The gangs were less than an average lifetime removed from those of the James brothers, or the Dalton Gang, to whom they were often compared. They brought a new level of violence to their actions, inspired by the gang wars of the 1920s in cities such as Chicago and New York. It seemed as if they were uncatchable and on the occasions when they were caught the jails were unable to hold them. Some taunted the press, others – Dillinger comes to mind – considered themselves to be on the same level socially as elected officials or industrial leaders.

These Roving Criminals Terrorized the Plains during the 1930s
A crowd celebrates the death of John Dillinger shortly after the event in an alley alongside the theater. AP

One by one they were rounded up, jailed or killed trying to avoid arrest, or in the case of Bonnie and Clyde, killed in an ambush. Their time in the spotlight was short, intense, and singularly violent. Here are some of the roving outlaw gangsters which made the Great Plains their own in the 1930s.
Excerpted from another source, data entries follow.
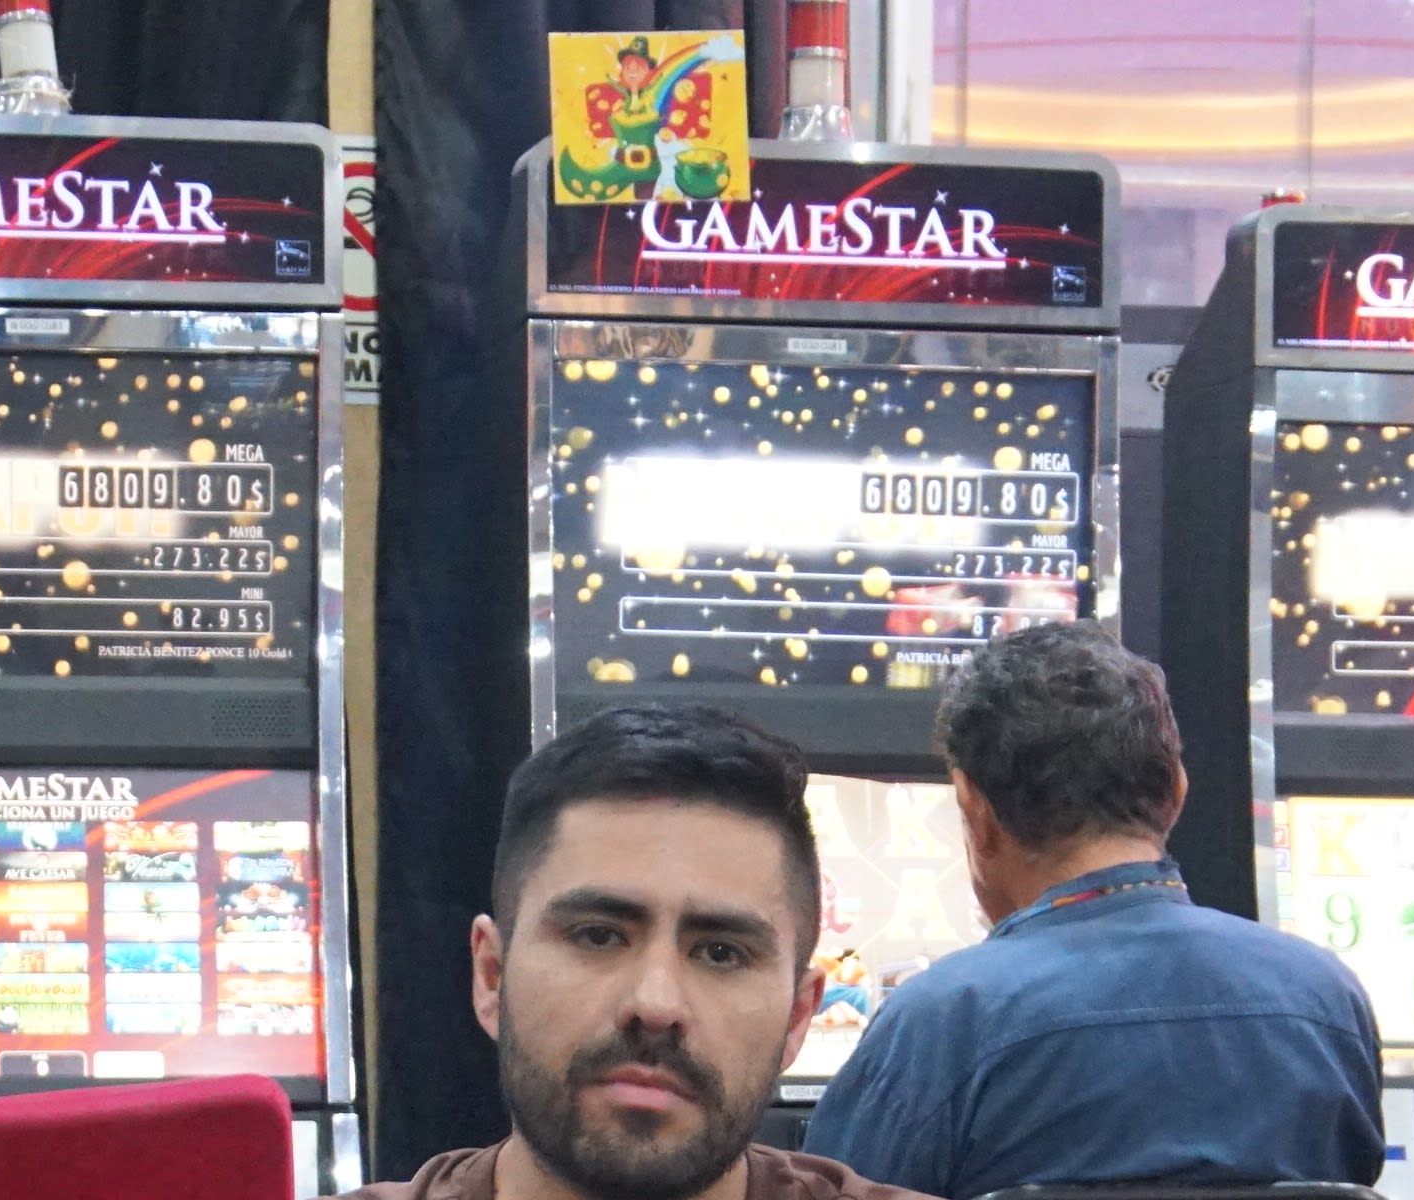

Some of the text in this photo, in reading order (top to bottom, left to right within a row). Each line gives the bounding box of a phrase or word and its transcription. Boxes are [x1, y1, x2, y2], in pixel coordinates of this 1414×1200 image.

[225, 444, 265, 462] MEGA
[1030, 453, 1071, 472] MEGA
[63, 471, 264, 503] 6809.80$
[864, 477, 1070, 515] 6809.80$
[228, 526, 264, 540] MAYOR
[1032, 535, 1068, 549] MAYOR
[241, 587, 264, 601] MINI
[172, 606, 264, 630] 82.95$
[97, 644, 152, 658] PATRICIA
[153, 646, 202, 658] BENITEZ
[204, 646, 245, 658] PONCE
[895, 651, 951, 665] PATRICIA
[51, 805, 78, 821] UN
[79, 806, 136, 823] JUEGO
[4, 868, 27, 880] AVE
[1324, 891, 1363, 952] 9
These Roving Criminals Terrorized the Plains during the 1930s
J. Edgar Hoover made the capture or killing of the roving criminals in the Midwest the FBI’s highest priority. Wikimedia

Wilbur “Mad Dog” Underhill

By the time Wilbur Underhill turned 25 years old he had already logged seven years in prison, for crimes of petty larceny, burglary, robbery and other offenses. According to his mother Wilbur had suffered a childhood accident or illness, whichever was never made clear, which left the youngster not “quite right.” Released on parole from his second prison sentence in 1926, Wilbur and an accomplice, Ike Adams, who went by the nickname of Skeet, robbed a drug store in Okmulgee, Oklahoma on Christmas Day. During the robbery a customer of the store named George Fee was killed. Fee was 19.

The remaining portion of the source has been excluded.